-------- Data section --------
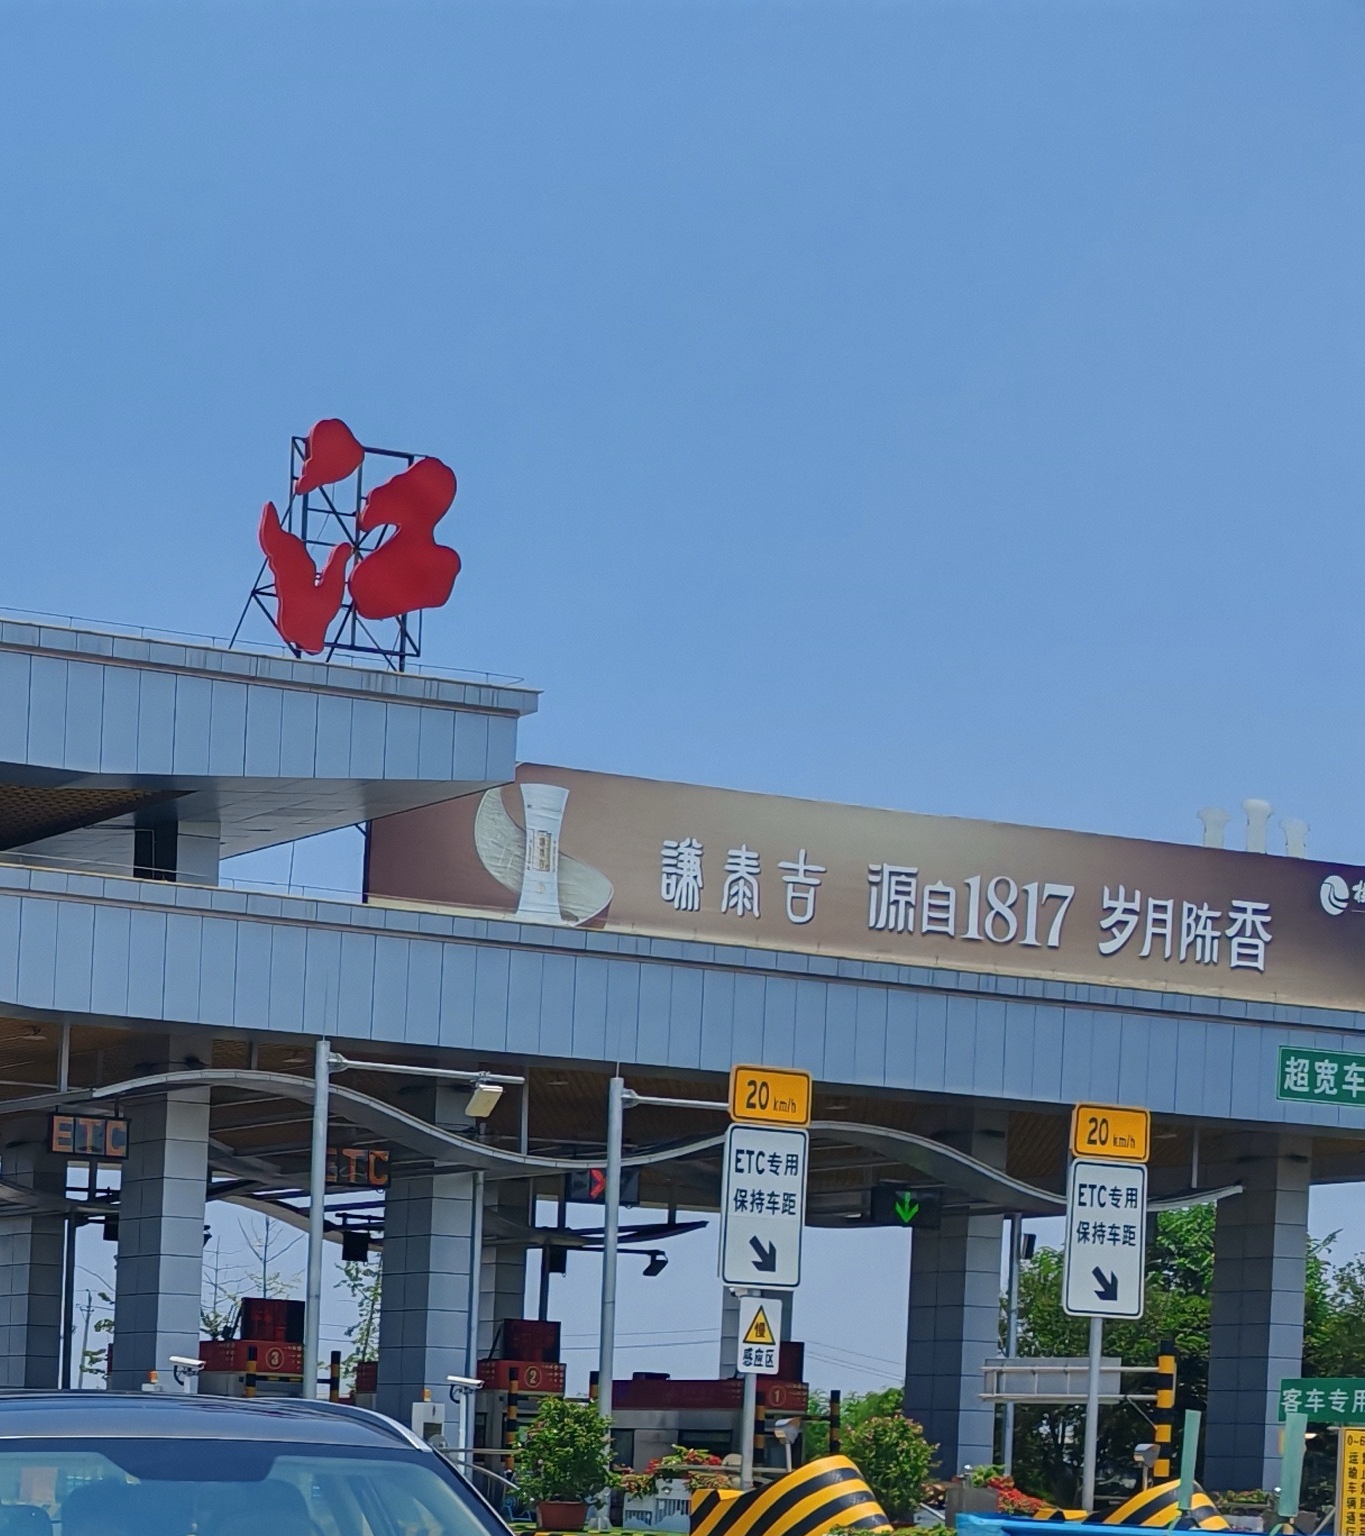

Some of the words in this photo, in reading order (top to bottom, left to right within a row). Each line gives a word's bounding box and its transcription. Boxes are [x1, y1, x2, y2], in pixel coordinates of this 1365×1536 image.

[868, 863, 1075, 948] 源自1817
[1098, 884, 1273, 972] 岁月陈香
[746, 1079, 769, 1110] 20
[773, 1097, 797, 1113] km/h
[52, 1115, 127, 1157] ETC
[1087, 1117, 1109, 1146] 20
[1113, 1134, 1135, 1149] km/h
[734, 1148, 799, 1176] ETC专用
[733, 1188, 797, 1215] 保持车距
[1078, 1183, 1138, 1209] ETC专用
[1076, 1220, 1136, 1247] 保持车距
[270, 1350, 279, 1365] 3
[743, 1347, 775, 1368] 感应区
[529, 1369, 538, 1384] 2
--------
Please set down the lines above word for word and leave out the pictures.

- **Reply**
Some of the words in this photo, in reading order (top to bottom, left to right within a row). Each line gives a word's bounding box and its transcription. Boxes are [x1, y1, x2, y2], in pixel coordinates of this 1365×1536 image.

[868, 863, 1075, 948] 源自1817
[1098, 884, 1273, 972] 岁月陈香
[746, 1079, 769, 1110] 20
[773, 1097, 797, 1113] km/h
[52, 1115, 127, 1157] ETC
[1087, 1117, 1109, 1146] 20
[1113, 1134, 1135, 1149] km/h
[734, 1148, 799, 1176] ETC专用
[733, 1188, 797, 1215] 保持车距
[1078, 1183, 1138, 1209] ETC专用
[1076, 1220, 1136, 1247] 保持车距
[270, 1350, 279, 1365] 3
[743, 1347, 775, 1368] 感应区
[529, 1369, 538, 1384] 2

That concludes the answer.